Alois Hába: Six Compositions for Sixth-tone Harmonium, op. 37
Ian Mikyska: In (world premiere)
+ The concert will be followed by a Q&A session about the sixth-tone harmonium with Ian Mikyska and Miroslav Beinhauer.
Miroslav Beinhauer – sixth-tone harmonium
Tomáš Morávek – light design
Composer Alois Hába (1893–1973) was one of the pioneers of microtonal music both in Europe and around the world. His activities included the development of special instruments in the quarter-tone and sixth-tone systems – pianos, clarinets, trumpets, flutes, or the sixth-tone harmonium. Of the three harmoniums in the collection of the National Museum – Czech Museum of Music, only the instrument made by August Förster in 1937 is in operable condition. Hába used the instrument in his sixth-tone opera Thy Kingdom Come, whose world premiere was prepared by the Ostrava Center for New Music in 2018 (which is where Miroslav Beinhauer first played the instrument) and wrote a single solo piece for it, Six Compositions for Sixth-tone Harmonium, op. 37 (1928), which will be performed in Prague for the first time at this concert.
A new piece by composer Ian Mikyska (*1994) will introduce the harmonium in an unexpectedly contemplative mood complemented by light design in the captivating space of the Convent of St. Agnes. "When hearing about a forty-minute piece for sixth-tone harmonium, many people probably imagine a demanding mathematical exercise. In, however, is more of a meditative experience. The title expresses the basic metaphor of the piece: the solo harmonium is located 'inside' the electronic part, which mostly consists of field recordings, as well as recordings of the harmonium, lithophones, the sounds of electromagnetism, or a ping-pong ball in a Tibetan singing ball. It is also the listener who is 'inside', however: inside harmonies, rhythms, melodies, times, environments," says composer Ian Mikyska. "Particularly in the case of such a unique instrument, it is fantastic that I had the opportunity to create the piece in direct, everyday contact with the instrument, thus making use not only of the tuning, which is relatively easy to apply theoretically, but also of the specific physical properties of the instrument. I visited the Czech Museum of Music daily during the summer, where me and Miroslav Beinhauer became two living exhibits: the composing composer and the practicing performer," he adds.
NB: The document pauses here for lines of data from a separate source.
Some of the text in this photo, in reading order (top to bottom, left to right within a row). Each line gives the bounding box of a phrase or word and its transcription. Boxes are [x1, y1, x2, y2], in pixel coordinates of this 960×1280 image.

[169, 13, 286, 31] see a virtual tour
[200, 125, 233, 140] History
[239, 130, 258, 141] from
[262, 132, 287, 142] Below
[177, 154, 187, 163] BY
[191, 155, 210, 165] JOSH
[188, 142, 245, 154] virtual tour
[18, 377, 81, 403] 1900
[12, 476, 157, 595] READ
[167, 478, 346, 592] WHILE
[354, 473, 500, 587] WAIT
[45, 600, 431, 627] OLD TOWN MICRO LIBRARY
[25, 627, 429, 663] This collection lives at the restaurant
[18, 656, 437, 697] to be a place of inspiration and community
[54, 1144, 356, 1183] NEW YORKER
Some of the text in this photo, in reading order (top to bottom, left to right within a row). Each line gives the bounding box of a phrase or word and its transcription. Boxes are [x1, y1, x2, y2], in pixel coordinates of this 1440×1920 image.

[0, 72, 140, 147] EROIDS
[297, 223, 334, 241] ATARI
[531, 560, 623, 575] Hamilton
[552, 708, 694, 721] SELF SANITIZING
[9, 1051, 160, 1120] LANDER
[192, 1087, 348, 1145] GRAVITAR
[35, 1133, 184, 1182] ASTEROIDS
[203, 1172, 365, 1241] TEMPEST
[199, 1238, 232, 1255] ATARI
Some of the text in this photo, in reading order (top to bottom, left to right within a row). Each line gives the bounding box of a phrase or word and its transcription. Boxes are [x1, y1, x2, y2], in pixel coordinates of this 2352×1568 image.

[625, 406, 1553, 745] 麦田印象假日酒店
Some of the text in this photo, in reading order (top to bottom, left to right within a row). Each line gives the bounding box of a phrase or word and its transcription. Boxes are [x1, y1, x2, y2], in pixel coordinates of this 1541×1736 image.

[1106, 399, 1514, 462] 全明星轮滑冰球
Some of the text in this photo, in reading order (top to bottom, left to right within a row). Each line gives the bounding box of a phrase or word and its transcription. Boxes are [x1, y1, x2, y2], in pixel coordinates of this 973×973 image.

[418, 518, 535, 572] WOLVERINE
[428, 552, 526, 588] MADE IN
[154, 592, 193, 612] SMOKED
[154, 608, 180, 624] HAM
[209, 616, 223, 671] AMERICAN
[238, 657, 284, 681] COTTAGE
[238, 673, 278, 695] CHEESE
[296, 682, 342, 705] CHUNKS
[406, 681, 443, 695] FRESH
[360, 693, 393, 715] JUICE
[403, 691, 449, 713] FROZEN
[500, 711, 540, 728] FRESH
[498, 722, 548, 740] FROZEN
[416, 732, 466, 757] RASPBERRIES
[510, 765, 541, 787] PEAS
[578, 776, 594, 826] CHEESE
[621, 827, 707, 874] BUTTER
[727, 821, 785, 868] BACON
Miroslav Beinhauer (*1993) performs as a soloist on piano and, the only one in the world so far, the sixth-tone harmonium. He mostly focuses on 20th century, contemporary, and microtonal music. At the centre of his attention is Alois Hába and his keyboard works. He is a student in the doctoral programme at JAMU in Brno and also studied at the Universität für Musik und darstellende Kunst in Vienna and the School of Arts in Ghent, Belgium. He has taken part in festivals in the Czech Republic, Belgium, and Poland. He has performed with the Janáček Philharmonic Ostrava and the Hradec Králové Philharmonic and is a member of Ostravská Banda. He has also taken part in exceptional projects including a twenty-four-hour performance of Erik Satie's Vexations at the Moravian Autumn festival or the world premiere of Alois Hába's sixth-tone opera Thy Kingdom Come at the New Opera Days Ostrava festival, in which he performed the demanding sixth-tone harmonium part. He premiered and was the first to record Alois Hába's Six Compositions for Sixth-tone Harmonium, op. 37, the composer's only solo work for the instrument.